Görüntülediğiniz mahkeme kararı henüz kesinleşmemiştir. Yararlı olması amacıyla eklenmiştir.

T.C.
İSTANBUL
BÖLGE ADLİYE MAHKEMESİ
17. HUKUK DAİRESİ
DOSYA NO: 2021/1144 Esas
KARAR NO: 2021/1236
T Ü R K M İ L L E T İ A D I N A
İ S T İ N A F K A R A R I
İNCELENEN KARARIN
MAHKEMESİ: İSTANBUL 1. ASLİYE TİCARET MAHKEMESİ
EK KARAR TARİHİ: 08/06/2021
NUMARASI: 2018/1110 Esas, 2020/231 Karar
DAVANIN KONUSU: Konkordato Tasdiki
KARAR TARİHİ: 04/11/2021
6100 Sayılı Hukuk Muhakemeleri Kanunu’nun 353. maddesi uyarınca dosya incelendi.
GEREĞİ DÜŞÜNÜLDÜ: Davacılar … Ltd Şti, … A.Ş., … – …, … ve … vekili 26/11/2018 tarihli dilekçe ile; müvekkili şirketlerden … Limited Şirketinin Arnavutköy – İstanbul adresinde faaliyet gösteren şirket olduğunu, şirketin metal ahşap, cam seramik, porselen, taş, mum, plastik, kağıt, polyester olmak üzere her türlü mutfak eşyası imalatı, alımı – satımı, ithalatı ve ihracatını yapmak, her türlü mutfak eşyalarının toptan ve perakende alım – satımı yapmak, bu amaçla fabrika ve tesisler kurmak ve diğer konularda faaliyetlerde bulunmak amacıyla kurulduğunu, ekonomik daralmadan etkilendiğini beilrterek İİK 286.maddesi gereğince ön görülen tüm belgelerin mevcudiyeti dikkate alınarak, üç aylık süre ile geçici mühlet kararı verilmesini, gerekli görülmesi halinde geçici mühletin iki ay daha uzatılmasını, İİK 289. maddesi gereğince bir yıllık kesin mühlet verilmesini ve gerekli görülmesi halinde bu mühlet kararının altı ay daha uzatılmasını ve İİK 305 ve devamı maddeleri gereğince konkordatonun tasdikine karar verilmesini talep etmiştir.

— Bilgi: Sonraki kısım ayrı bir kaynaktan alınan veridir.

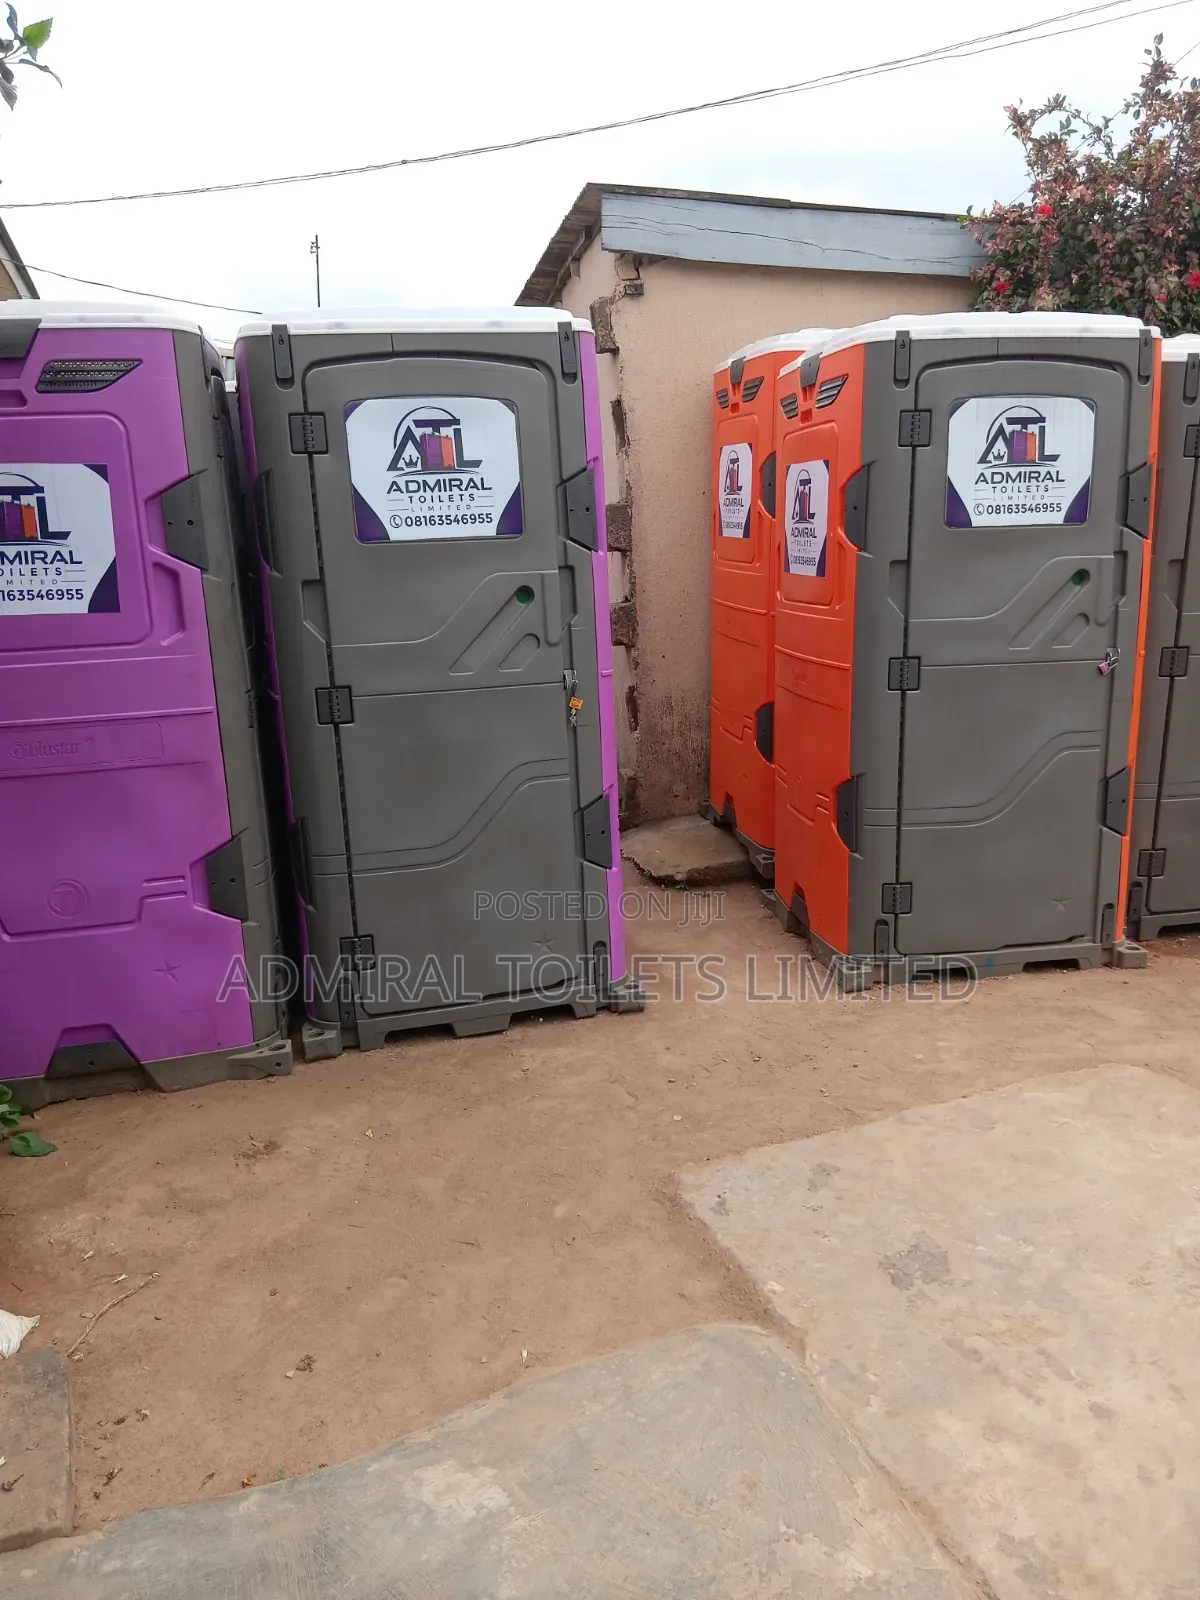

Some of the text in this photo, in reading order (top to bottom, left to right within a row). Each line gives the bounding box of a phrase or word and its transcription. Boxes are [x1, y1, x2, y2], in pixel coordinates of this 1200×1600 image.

[974, 470, 1066, 485] ADMIRAL
[386, 477, 493, 495] ADMIRAL
[991, 485, 1050, 494] TOILETS
[408, 493, 475, 504] TOILETS
[723, 498, 745, 508] ADMIRAL
[411, 504, 472, 513] LIMITED
[986, 502, 1062, 515] 08163546955
[404, 512, 493, 527] 08163546955
[791, 527, 818, 539] ADMIRAL

Mahkemece, 26/11/2018 tarihli ara karar ile; davacılar … ve …’un yerleşim yerlerinin Avcılar olduğu, bu yerin mahkeme yargı çevresinde olmadığı gerekçesiyle adı geçen davacılar yönünden HMK 167.maddesi gereğince davanın dosyadan tefrikine, ayrı bir esasa kaydına karar verilmiştir. Mahkemece, 27/09/2019 tarihli karar ile; konkordato talep eden … A.Ş. hakkındaki dosyanın HMK 167.maddesi uyarınca, iş bu dosyadan tefrikine ve başkaca bir esasa kaydına karar verilmiştir. Alacaklıların bir kısmı yargılamaya katılarak beyan ve itirazlarını sunmuşlardır.

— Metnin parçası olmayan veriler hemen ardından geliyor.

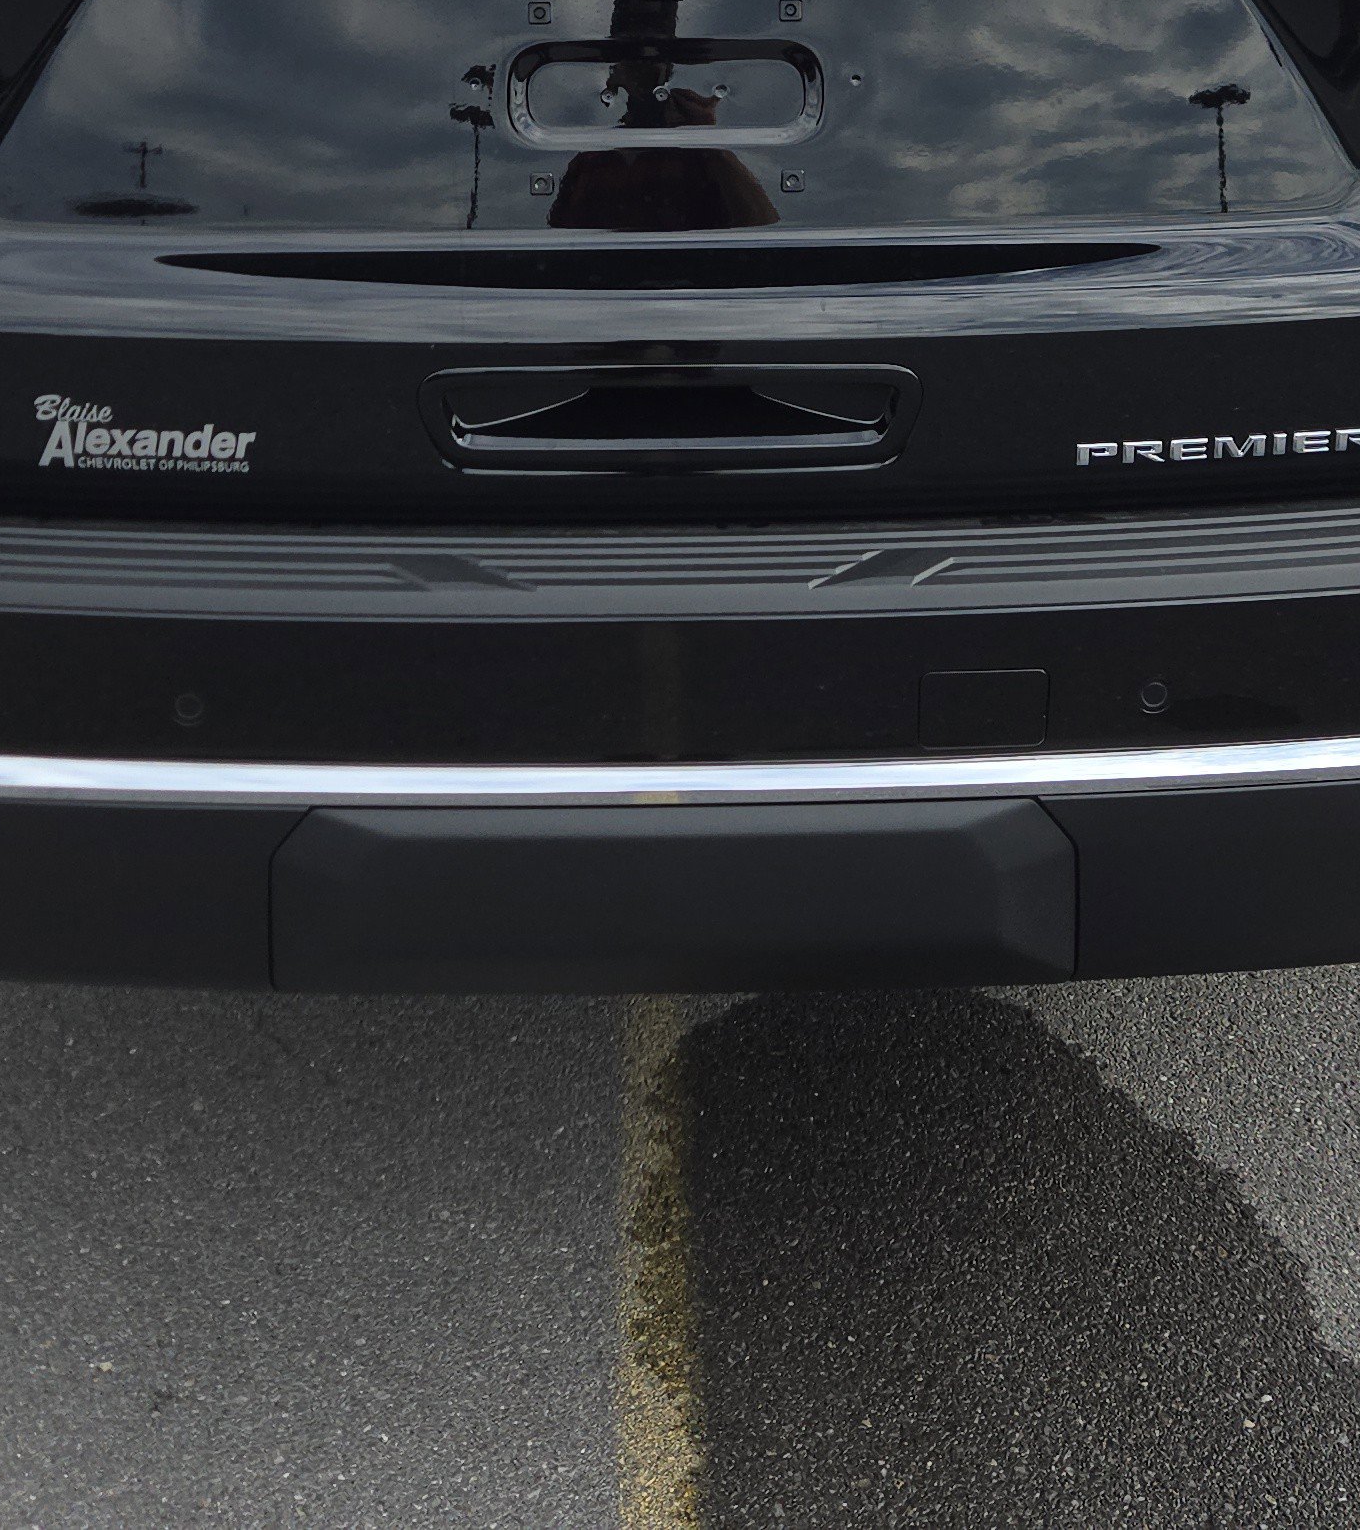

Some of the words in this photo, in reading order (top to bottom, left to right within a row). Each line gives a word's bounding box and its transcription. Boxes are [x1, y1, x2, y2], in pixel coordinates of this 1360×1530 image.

İLK DERECE MAHKEME KARARI: Mahkemece; konkordato projesinin tasdikine, adi konkordatoya tabi 36.250.097,13 TL borcun aylık taksitler halinde ve ilk taksit 01.10.2020 tarihinde başlamak üzere 48 eşit taksitte alacaklılara ödenmesine, alacaklıların adi konkordato kapsamında kalan alacağı geçici mühlet kararının verildiği 29.11.2018 tarihinden sonra işleyecek olan faizden vazgeçtiklerinin kabulüne, İİK 306/2. maddesi uyarınca konkordatonun yerine getirilmesini sağlamak için gerekli gözetim ve tasfiye tedbirlerini almak üzere ve ödemelerin zamanında yapılıp yapılmadığının tetkiki ve şirketin işletmesinin durumu ve projesi uyarınca borçlarını ödeme kabiliyetini muhafaza edip etmediği konusunda bu işlemleri yerine getirmesi bakımından kayyumun tayinine, kayyum tarafından iki ayda bir belirtilen hususlarda mahkemeye rapor verilmesine, kayyuma aylık 3.000,00 TL ücret takdirine, tasdik kararının İİK 288. Maddesindeki usulle ilanına, ilgili kurum ve kuruluşlara yazıyla bildirilmesine karar verilmiştir. Karar, … A.Ş. ve … Bankası A.Ş. vekilleri tarafından istinaf edilmiş, dairemiz 18/02/2021 tarih, 2020/2350 E. 2021/221 K. Sayılı kararı ile istinaf başvurularının reddine karar verilmiştir. Davacı vekili mahkemeye sunduğu 31.05.2021 tarihli dilekçesinde davadan feragat ettiklerini bildirmiştir. Mahkemece 08.06.2021 tarihli ek kararla; HMK 310. maddesi gereğince de, feragatin hüküm kesinleşinceye kadar yapılabileceğini, dava dosyasının 24.03.2021 tarihinde kesinleştiği, davacı vekilinin feragat talebinin konkordatonun tamamen feshi talebi olarak değerlendirildiğinde ise İİK 308/f kapsamında bu hakkın yalnız alacaklılara tanındığı gerekçesi ile davacı vekilinin, davadan feragat ve konkordatonun feshi talebiyle ilgili karar verilmesine yer olmadığına karar verilmiştir.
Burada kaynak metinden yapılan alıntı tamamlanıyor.